■ Exercise materials:
#####
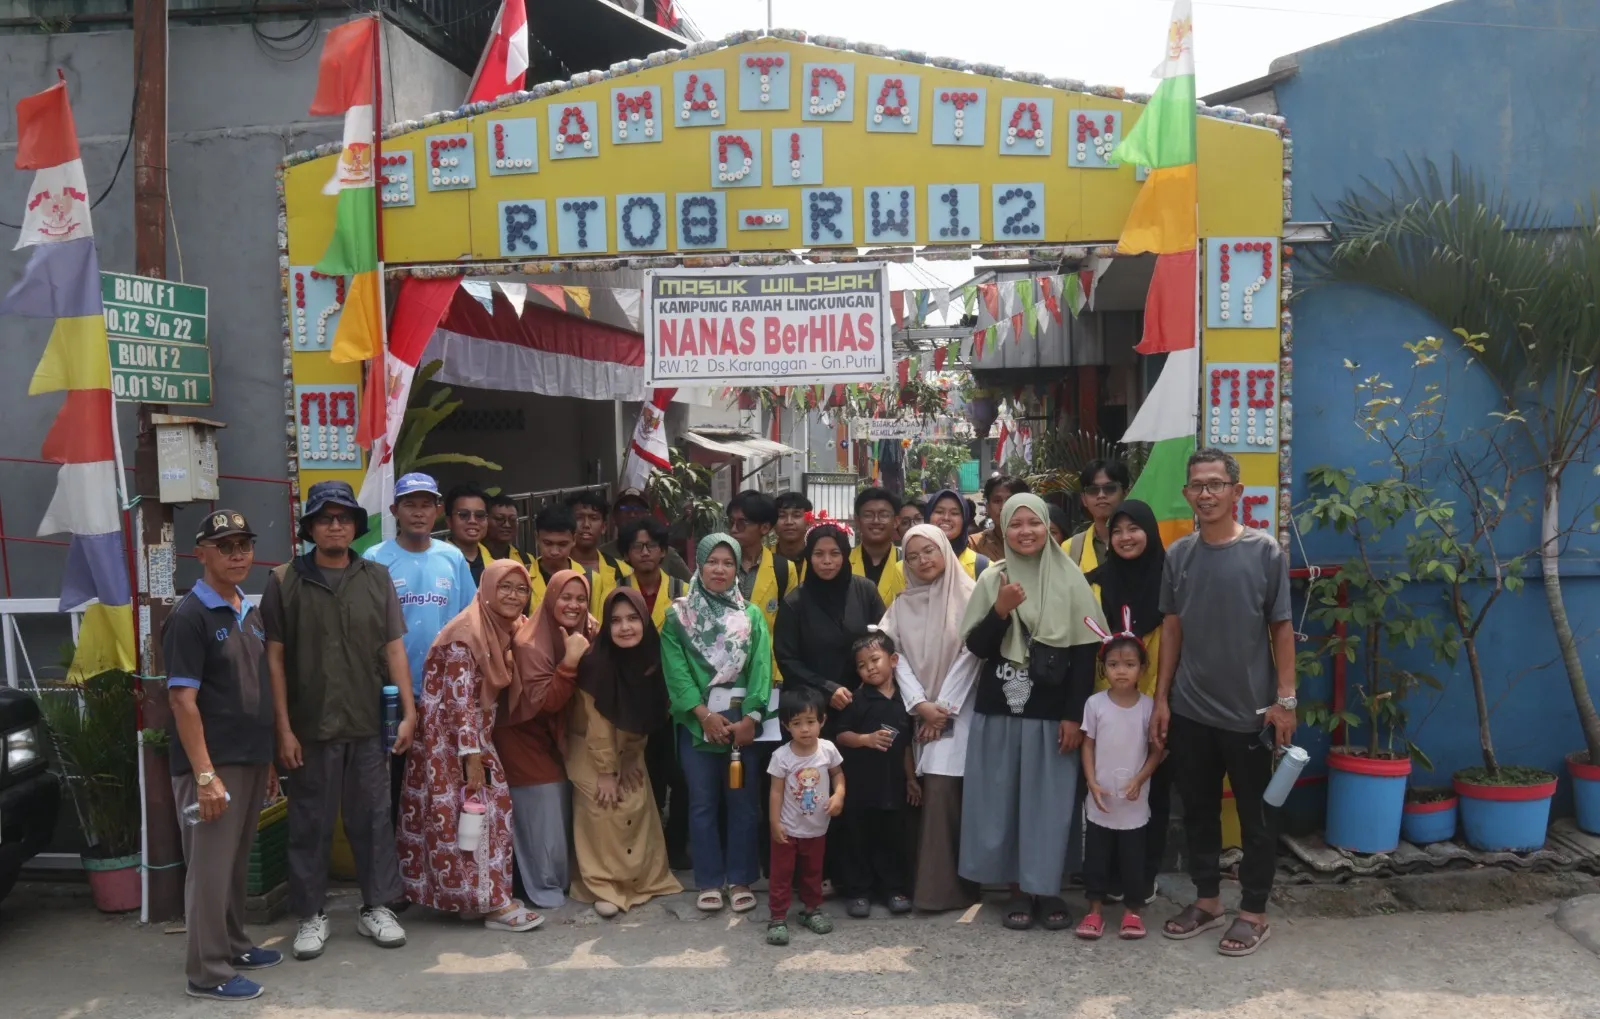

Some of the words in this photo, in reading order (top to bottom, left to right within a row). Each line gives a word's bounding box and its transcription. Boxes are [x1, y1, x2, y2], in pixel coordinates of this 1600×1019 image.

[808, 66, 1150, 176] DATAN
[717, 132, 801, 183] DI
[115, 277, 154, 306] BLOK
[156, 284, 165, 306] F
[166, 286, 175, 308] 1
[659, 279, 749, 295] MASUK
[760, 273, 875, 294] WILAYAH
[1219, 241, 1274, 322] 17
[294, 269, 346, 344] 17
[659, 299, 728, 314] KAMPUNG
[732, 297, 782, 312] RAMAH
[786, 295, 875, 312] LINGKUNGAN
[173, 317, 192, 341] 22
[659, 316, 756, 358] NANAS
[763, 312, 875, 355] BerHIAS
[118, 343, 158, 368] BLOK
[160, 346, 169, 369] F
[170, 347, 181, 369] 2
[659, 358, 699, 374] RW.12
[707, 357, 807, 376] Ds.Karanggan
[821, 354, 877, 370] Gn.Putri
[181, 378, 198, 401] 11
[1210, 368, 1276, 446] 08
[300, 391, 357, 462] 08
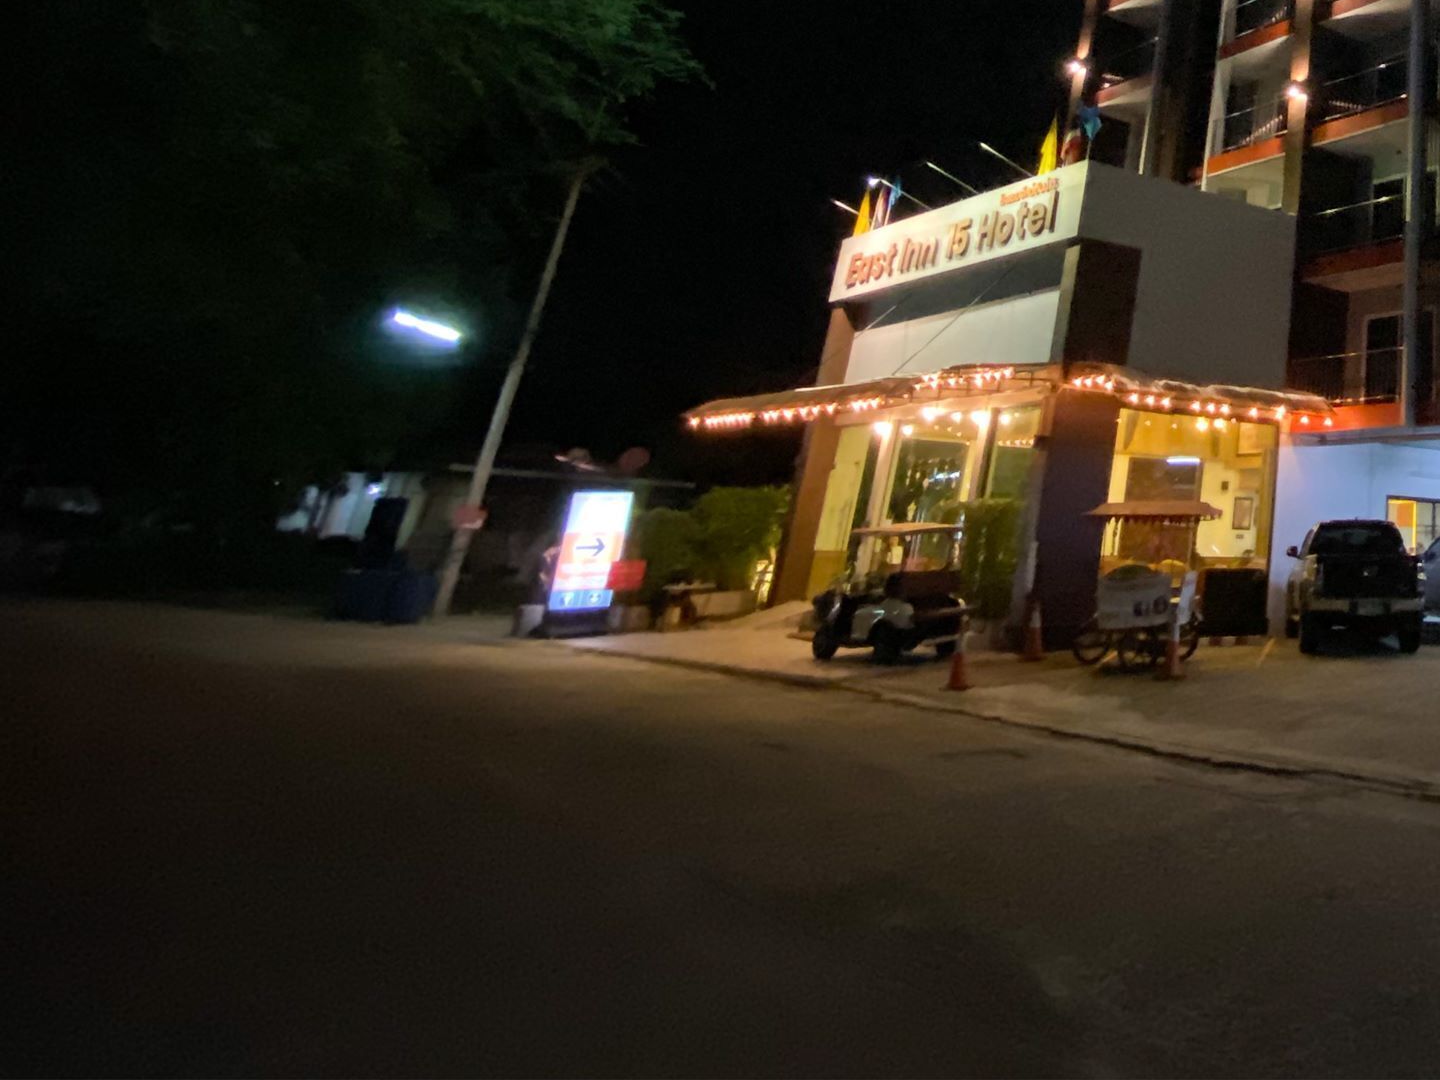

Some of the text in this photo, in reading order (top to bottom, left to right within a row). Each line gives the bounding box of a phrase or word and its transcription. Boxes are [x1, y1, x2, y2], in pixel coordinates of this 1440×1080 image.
#####
■ The task: In your copy, repeat the records above exactly and include no images.

■ The completed task:
Some of the words in this photo, in reading order (top to bottom, left to right within a row). Each line gives a word's bounding box and its transcription. Boxes are [x1, y1, x2, y2], in pixel coordinates of this 1600×1019 image.

[808, 66, 1150, 176] DATAN
[717, 132, 801, 183] DI
[115, 277, 154, 306] BLOK
[156, 284, 165, 306] F
[166, 286, 175, 308] 1
[659, 279, 749, 295] MASUK
[760, 273, 875, 294] WILAYAH
[1219, 241, 1274, 322] 17
[294, 269, 346, 344] 17
[659, 299, 728, 314] KAMPUNG
[732, 297, 782, 312] RAMAH
[786, 295, 875, 312] LINGKUNGAN
[173, 317, 192, 341] 22
[659, 316, 756, 358] NANAS
[763, 312, 875, 355] BerHIAS
[118, 343, 158, 368] BLOK
[160, 346, 169, 369] F
[170, 347, 181, 369] 2
[659, 358, 699, 374] RW.12
[707, 357, 807, 376] Ds.Karanggan
[821, 354, 877, 370] Gn.Putri
[181, 378, 198, 401] 11
[1210, 368, 1276, 446] 08
[300, 391, 357, 462] 08

Some of the text in this photo, in reading order (top to bottom, left to right within a row). Each line gives the bounding box of a phrase or word and its transcription. Boxes are [x1, y1, x2, y2], in pixel coordinates of this 1440×1080 image.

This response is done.